Yazıma geçmeden önce kısaca bahsetmek istediğim bir konu var. Maalesef şu anda hepimizin de bildiği gibi tüm dünyayı etkisi altına almış bir virüsle mücadele ediyoruz. Bu mücadelede hayatları pahasına sahada yer alan başta ağabeyim olmak üzere tüm sağlık çalışanlarına teşekkürü bir borç biliyorum. İYİ Kİ VARSINIZ… Mesajımızı verdikten sonra artık Atina’ya doğru gidiyoruz 🙂 Atina kentinin isminin nereden geldiği tam olarak bilinmiyor fakat mitolojiye göre Poseidon ile Athena arasında geçen bir yarışa dayandığı rivayet edilmekte. Her iki tanrı da şehrin koruyucu tanrısı olmak istemişler ve bunun için halka hediyeler sunmuşlar.
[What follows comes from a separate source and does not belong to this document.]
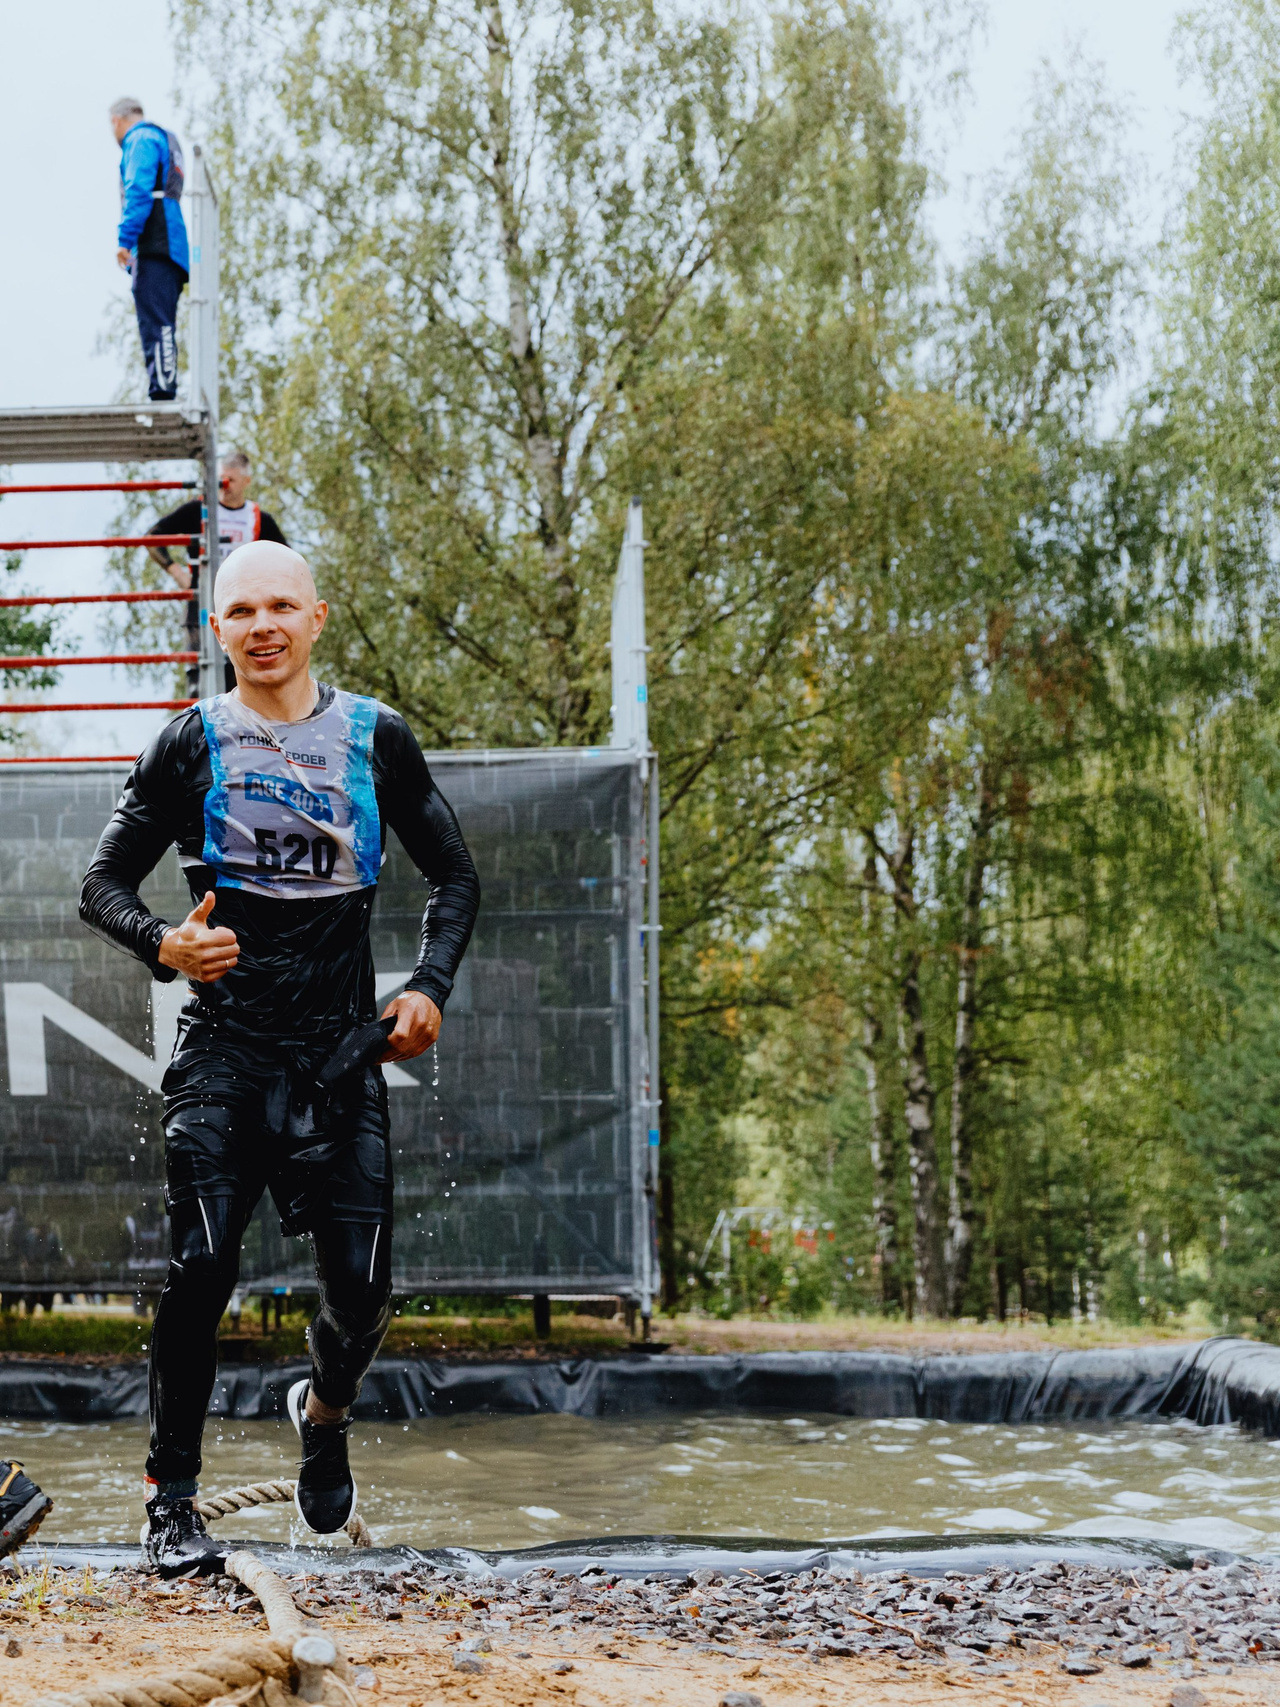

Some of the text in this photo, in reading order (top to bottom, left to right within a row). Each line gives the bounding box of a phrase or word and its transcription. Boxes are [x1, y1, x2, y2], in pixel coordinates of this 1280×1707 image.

[239, 735, 327, 766] ГОНК ЕРОЕВ
[250, 778, 330, 813] AGE 40+
[254, 828, 337, 879] 520
Poseidon taze bir su kaynağı hediye ederken, Athena da barışı ve zenginliği sembolize eden bir zeytin ağacı hediye etmiş. Atina halkı ise bu zeytin ağacını benimseyip şehre tanrıça Athena’nın adını vermişler.

ULAŞIM:

İstanbul’dan 1 saat 20 dk süren bir uçuşun ardından Atina Elefterios Venizelos Havalimanı’na inmiş bulunuyoruz. İndikten sonra şehir merkezine ulaşabileceğiniz metro, otobüs ya da taksi gibi çeşitli ulaşım araçlarını tercih edebilirsiniz fakat daha ekonomik olması sebebiyle ben otobüsü tercih ettim. Havalimanından şehir merkezi olan Syntagma Meydanı’na otobüsle ulaşmak isterseniz havalimanındaki 4 ya da 5 numaralı çıkıştan çıkmalısınız ve kullanmanız gereken otobüsün numarası X95. Eğer ki havalimanından direkt olarak Pire’ye (burayı ayrı bir yazımda bahsedeceğim) gitmek isterseniz de kullanmanız gereken otobüsün numarası  X96 olacaktır. Biletlerinizi 4 numaralı çıkışın hemen önünde yer alan gişelerden alabilirsiniz. Biletinizi aldıktan sonra otobüslerin içindeki biletmatiklere okutmayı unutmamanızı önemle hatırlatmak isterim 🙂 Otobüslerin kalkış saatlerini de “athensairportbus.com” adresinden öğrenebilirsiniz ama aşağı yukarı 10-15 dk aralıklarla kalkıyor. Syntagma Meydanı’na ulaşmak için kullanacağınız otobüsle meydana ulaşma süreniz yaklaşık olarak 1 saat sürecektir ve bu yolculuğun ücreti ise 6 Euro’dur. İndirimli biletin ücreti ise 3 Euro fakat bu biletten faydalanabilmeniz için Yunanistan’da okuyan bir öğrenci olmanız gerekiyormuş maalesef 😦 Dileyen gezgin dostlarım için metro hakkında da bilgi vermek isterim. Havalimanından 1, 2 ya da 3 numaralı çıkıştan çıktıktan sonra bir üst geçit ile yolun hemen karşısındaki metro istasyonuna rahatlıkla ulaşabilirsiniz. Ana merkez olan Syntagma durağına ulaşmak için M2 metrosunu (mavi hat) kullanmalısınız ve bu yolculuk da yaklaşık 40 dk sürmektedir. Biletmatiklerden dilerseniz 90 dakikalık, 24 saatlik ya da 3 günlük gibi biletler alabilirsiniz. Benim tavsiyem eğer metro kullanacaksanız 90 dakikalık biletlerden almanız çünkü Atina içinde gitmek isteyeceğiniz yerlerin çoğuna yürüyerek ulaşabilirsiniz. Bu biletin ücreti ise 10 Euro’dur. Taksi kullanmak isteyen dostlarım için de kısa bir bilgilendirme yapıp artık Atina’nın muhteşem atmosferine dalmaya hazırlanıyoruz. Havalimanından şehir merkezine taksi, gece ve gündüz tarifesi şeklinde olmaktadır, gündüz havalimanından şehir merkezine ulaşımın yaklaşık 43-45 Euro gibi bir ücreti olup gece ise 54-56 Euro gibi bir ücretle şehir merkezine ulaşabilirsiniz.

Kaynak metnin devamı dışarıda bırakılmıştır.